Two of the first names that come to mind are Robinson Cano and Curtis Granderson. Cano will likely garner the more expensive, longer-term contract of the two.

Cano is arguably the best second baseman in baseball and is one of the best hitters in the game today. His unique set of skills and overall talent are exactly the types of qualities that will help get Cano paid.

However, thanks to dreams of an Alex Rodriguez-like payday, Cano's demands could get him shipped out of New York before the season ends. Those dreams will likely consist of a contract similar to A-Rod's—in the ballpark of 10 years and $275 million.

A report from Mark Feinsand and Christian Red of the New York Daily News gave us the info on Cano's potential demands:

Another baseball source suggested that Cano will seek a deal similar to A-Rod’s, one that has become an albatross for the Bombers, who might be hesitant to tie up that much money and that many years in Cano, 30.

As alluded to in the Daily News piece, there is no way on earth the Bombers give Cano anywhere near that type of money and years on a contract. Cano would be 32 at the end of the first year of such a deal, which means the star second baseman would be getting paid very well long after his best years are behind him.

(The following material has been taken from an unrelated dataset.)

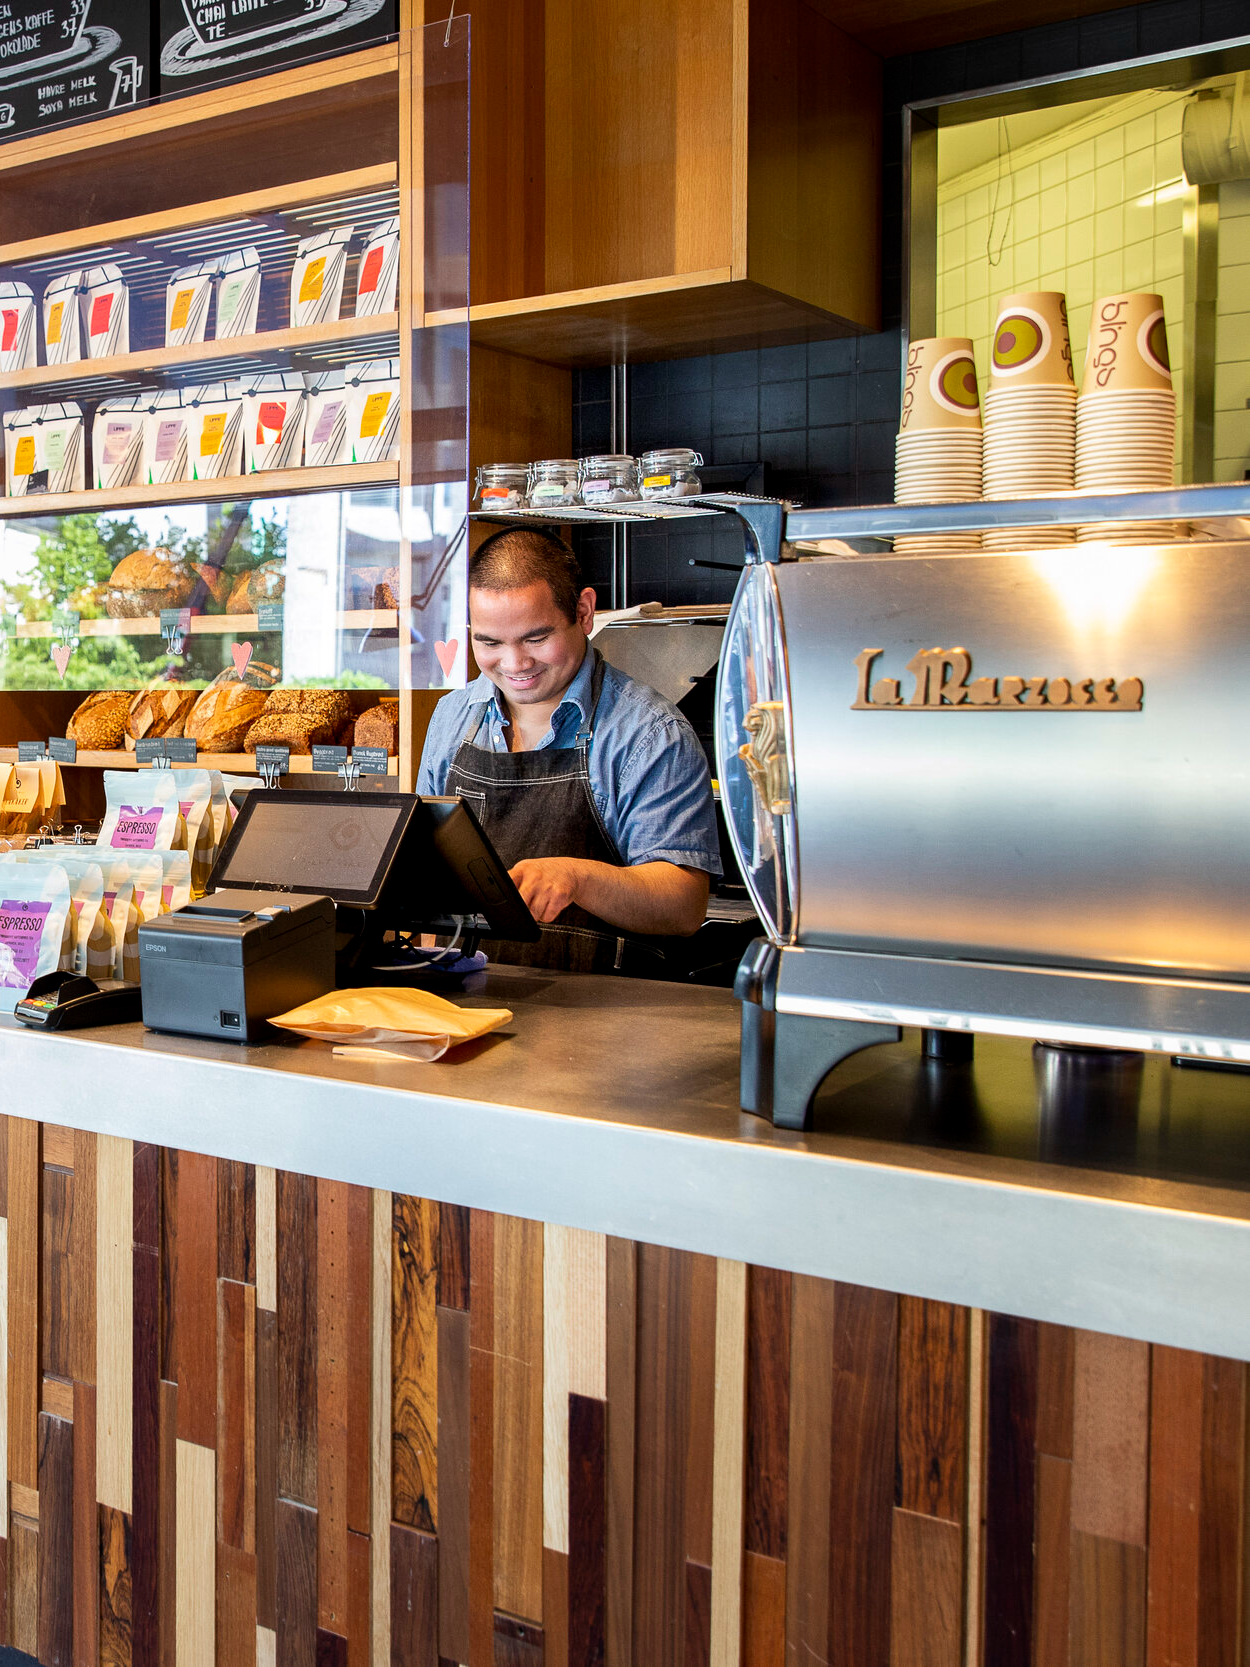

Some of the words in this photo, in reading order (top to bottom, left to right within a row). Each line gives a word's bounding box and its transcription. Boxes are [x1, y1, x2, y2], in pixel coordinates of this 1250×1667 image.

Does that sound familiar, Yankees fans? A-Rod's enormous contract will likely be the last of its kind on the Yanks' payroll for quite some, and maybe forever.

The type of haul the Yanks could get in a deal for Cano would be limitless. Other teams would be tripping over one another to get the All-Star on their respective rosters.

Not only could the Bombers stack themselves with a ton of top prospects in return for Cano's services, but general manager Brian Cashman could land himself a young, major-league ready impact player who can help the team right away, whether in the batter's box or on the mound.

Granderson is a slightly different case than Cano.

While in pinstripes, Granderson has belted over 40 homers and driven in more than 100 runs in each of the last two seasons. The downside of the Grandy Man is the fact that his bat misses the ball more times than not.

Strikeouts have been a huge issue with the outfielder, and his .232 average is nothing to write home about. Adding to that, Granderson has been lackluster in the playoffs for the Bombers, as evidenced by his .100 average during the 2012 October campaign.

Still, there will be competition for the left-handed bat and that would drive up the price on the free-agent market, likely cancelling the Yankees out of any contract talks with their center fielder during the offseason.

Despite his flaws, Granderson would be a perfect fit for a team in contention who looking for some extra pop in their lineup for a late-season and October run. In return, the Yanks could land themselves some more young players, whether they are minor- or major-league ready.

There are other potential names to throw out there whom the Yanks could deal, depending on what the team thinks their value will be on the open market. Phil Hughes could be one of those guys, but it's likely the Yanks will look to hold onto him if he proves to be successful in 2013, thanks to his youth.

At the end of the day, if the Yanks are out of contention, you could see quite the fire sale in the Bronx.

If the team is serious about getting under the luxury tax threshold and don't plan on handing out big deals to guys like Cano and Granderson, it would make the most sense to deal them and avoid losing two key players with next to nothing to show for it.

A new era is beginning in the Bronx, and while the veterans on the Yankees' roster aren't ready to call it a career yet, it's never too early to start looking to the future for this aging club, and a few big trades could ensure the Yanks are set up for years to come.